I reflected for a moment. My decision to sell the cows and exit the dairy industry has not been made lightly. In the end, it has all boiled down to the stress of economics. Over the past seven years, the cost of producing a gallon of milk has nearly doubled. The cost of owning and operating a farm has skyrocketed, whereas the price paid to farmers remains at levels from three generations ago. Literally, I am being paid the same price for milk that my dad was paid in the 1970s.

I will miss the cows. The pursuit of agriculture would be fundamentally different if it actually paid. But, it does not. A livable wage in agriculture is a myth. Farms, meat processing plants, and the food industry holds half of America’s 10 lowest-paying jobs, and factory farms and meat processing plants are among the most dangerous and exploitive workplaces in the country. Farmers are 3.5 times more likely to die by suicide than the general population — all of this, the hidden cost of cheap food.

The reality is, according to a July 14, 2021 article in The Guardian, only four companies control 65% of the American retail market. Corporate consolidation, mergers, lobbying, and scant regulatory oversight have directly led to food monopolies — the very concept we as Americans pretend to reject. Yet, practically everything we put in our grocery carts boils down to a handful of entities. Worldwide, according to Business Insider, the number of food monopolies is less than 10.

Irony is a dish best served cold. You will notice that the very symbol that is used to market food products is the very image that has been abandoned in the countryside and left to rot — the iconic red dairy barn. Slap the facade of a red barn, a coverall-clad farmer, and a few happy-faced barnyard animals on any label, and voila — you can literally market cancer, obesity, and tooth decay to children, and parents will blissfully sponsor it.

Before all the barns have collapsed into memory, you will notice that no two are ever alike. For the sheer volume of barns that still dot the American countryside, they are each as unique and specialized as the families they once supported — hence the concept of individuality.

There is a reason every dairy dispersal sale, collapsing barn, and abandoned farm hits like a gut punch. There is a reason we inherently feel sad when we see an empty barn collapsing in on itself from neglect. This feeling is less about nostalgia than it is about the subconscious recognition that the barn represents so much more. The barn represents economic autonomy. The barn is a symbol of personal ownership. The barn is quintessential agricultural individuality. The barn is of all of this — and what American Agriculture used to be before the food monopolies were allowed to take over.

And what has the barn been replaced with?
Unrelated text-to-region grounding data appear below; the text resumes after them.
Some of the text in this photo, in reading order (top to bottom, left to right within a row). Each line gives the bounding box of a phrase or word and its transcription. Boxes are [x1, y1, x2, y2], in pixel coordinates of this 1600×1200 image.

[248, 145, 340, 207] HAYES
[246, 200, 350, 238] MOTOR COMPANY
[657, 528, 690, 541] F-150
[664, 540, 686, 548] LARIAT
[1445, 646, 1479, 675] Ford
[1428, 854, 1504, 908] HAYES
As “family” farms are consolidated into vertically integrated factories, the sacredness of individuality for the farmer and their livestock becomes a bygone concept. In his book “Wastelands”, which reads like a Soviet-era environmental and sociological crime thriller until you realize that it actually happened and took place in the U.S. Carolinas in the 2010s, Author Corban Addison writes:

“The Big Ag revolution has so transformed the economies of agriculture that a contract farmer in 2016 bears almost no resemblance to the Old MacDonald that generations of American children have sung about in their nursery rhymes. This iconic figure in our national landscape, a man whose wealth and virtue are grounded in the land, this independent patriot that Thomas Jefferson lauded as our “most valuable citizen”, has been reduced to a scabrous shadow of his former self. His farm has been turned into a machine, his animals into cogs and pistons. The modern contract farmer is a servant to his lenders and a pawn in the hands of global corporations that siphon off his labor and leave him diminished and dependent.”
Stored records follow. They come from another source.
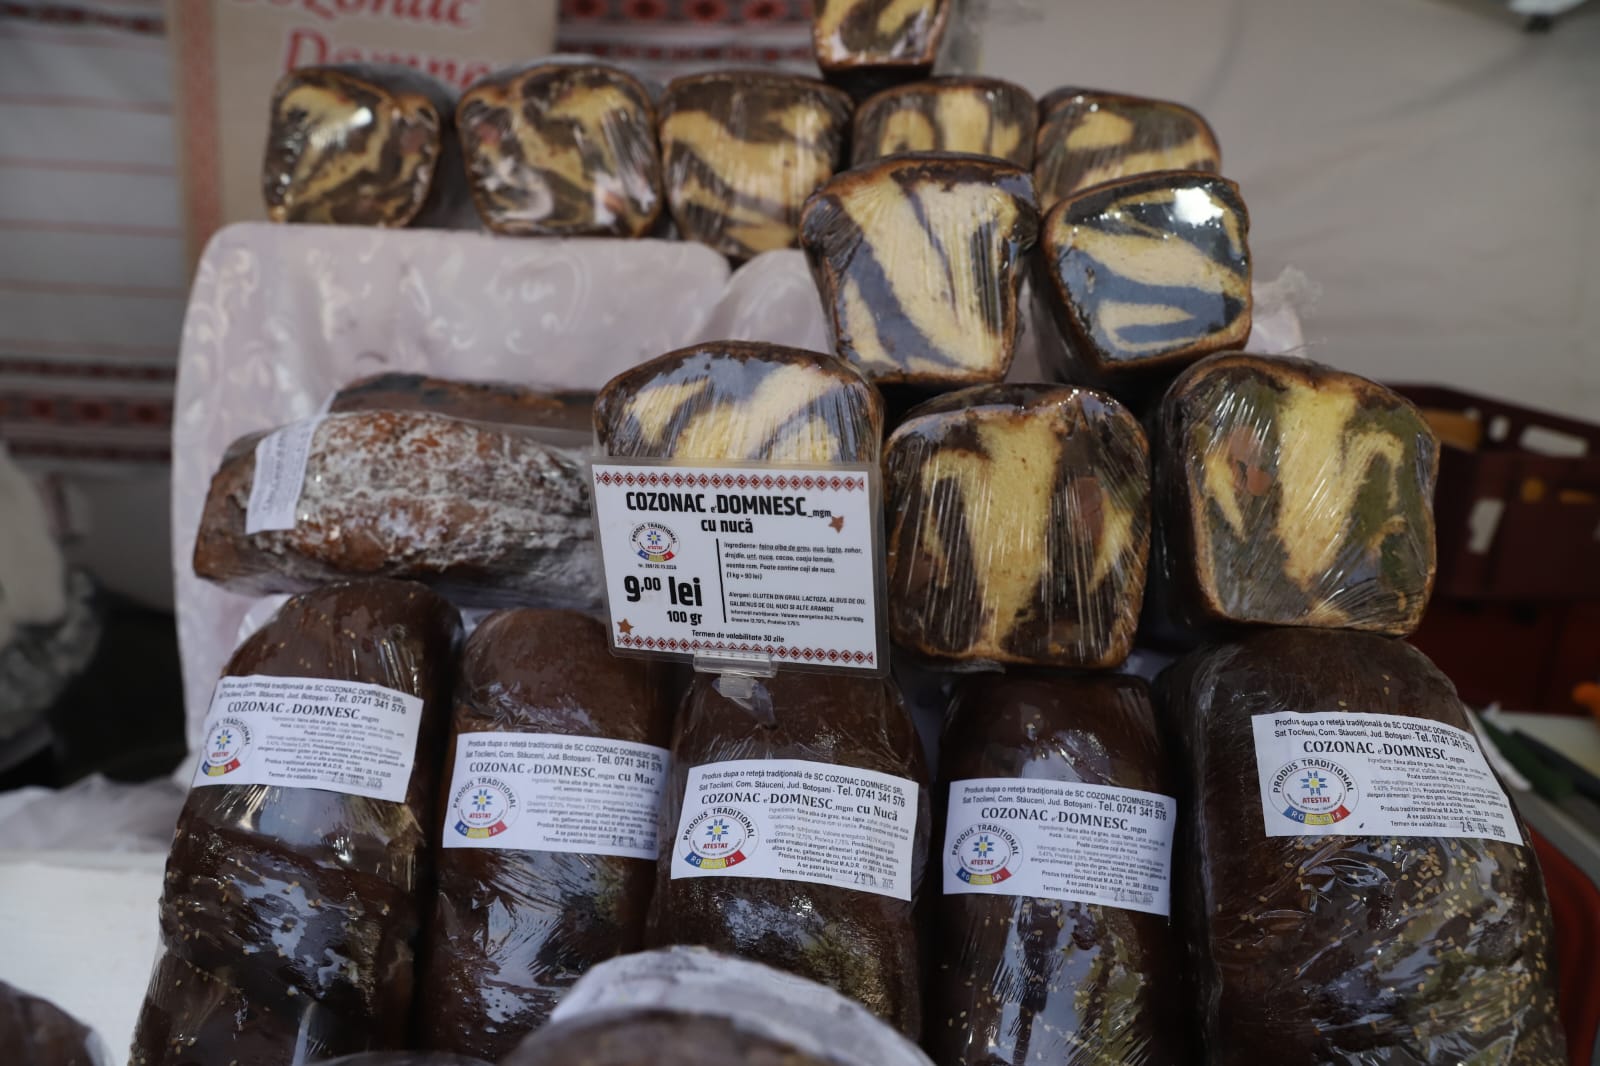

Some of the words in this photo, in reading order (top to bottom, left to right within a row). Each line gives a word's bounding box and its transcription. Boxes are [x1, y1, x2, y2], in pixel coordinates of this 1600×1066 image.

[626, 492, 706, 513] COZONAC
[701, 520, 717, 532] cu
[720, 518, 754, 533] nucă
[668, 576, 703, 607] lei
[667, 610, 687, 623] 100
[690, 613, 703, 626] gr
[692, 629, 715, 638] Termen
[716, 631, 725, 639] de
[726, 632, 762, 641] valabilitate
[763, 634, 772, 642] 30
[773, 635, 785, 643] zile
[324, 685, 358, 694] COZONAC
[227, 701, 285, 713] COZONAC
[334, 693, 349, 703] Tel.
[351, 695, 372, 705] 0741
[373, 700, 389, 710] 341
[391, 703, 407, 715] 576
[1275, 718, 1300, 727] Produs
[1402, 722, 1432, 733] COZONAC
[1303, 740, 1375, 754] COZONAC
[1319, 728, 1337, 736] Com.
[1415, 731, 1432, 742] Tel.
[1432, 735, 1450, 746] 0741
[585, 744, 618, 754] COZONAC
[620, 748, 650, 759] DOMNESC
[597, 753, 612, 764] Tel.
[614, 756, 634, 767] 0741
[636, 759, 649, 769] 341
[469, 762, 525, 774] COZONAC
[618, 773, 631, 782] cu
[634, 772, 656, 786] Mac
[702, 772, 722, 780] Produs
[723, 770, 739, 779] dupa
[814, 773, 824, 781] SC
[824, 774, 860, 786] COZONAC
[860, 779, 892, 792] DOMNESC
[893, 786, 904, 796] SRL
[1273, 762, 1298, 793] PRODUS
[453, 780, 474, 809] PRODUS
[837, 785, 853, 797] Tel.
[855, 788, 875, 799] 0741
[878, 792, 891, 803] 341
[892, 795, 905, 807] 576
[985, 786, 1000, 794] dupa
[1075, 790, 1085, 798] SC
[1086, 791, 1120, 802] COZONAC
[1121, 795, 1154, 807] DOMNESC
[701, 792, 760, 804] COZONAC
[857, 805, 870, 814] cu
[873, 805, 898, 821] Nucă
[981, 807, 1048, 821] COZONAC
[1098, 801, 1114, 812] Tel.
[1116, 803, 1136, 814] 0741
[1139, 806, 1153, 817] 341
[1154, 810, 1167, 821] 576
[683, 811, 708, 841] PRODUS
[952, 827, 974, 856] PRODUS
Bingo. In reality, “Vertical Integration” in agriculture is nothing more than modern-day Feudalism, and nothing suffers more than the individuality of the farmer, the farm worker, and our animals. All of this, a criminal testimony to the legacy of those who tout the virtues of Big Ag.

I will miss my cows. I will miss seeing our small, multigenerational Brown Swiss herd grazing in the summertime. I will miss hearing the soothing melody of cowbells in the evening. I will miss their soft, inquisitive eyes. As a regional television reporter once remarked, “Your cows look so happy. All of the cows I film at larger farms just look terrified.”

Most of all, I will miss the individuality of the cows. No doubt, I will remember their names and their unique personalities long after the dispersal sale, and long after they are absorbed into the system.

There is a reason we feel a deep and personal sense of loss when we drive through the countryside and see farm after farm sitting empty. Know with absolute certainty:

For every individual barn that collapses, for every multigenerational, traditional family farm that is squeezed out of existence, the price of food must creep upward, while the quality of food must diminish.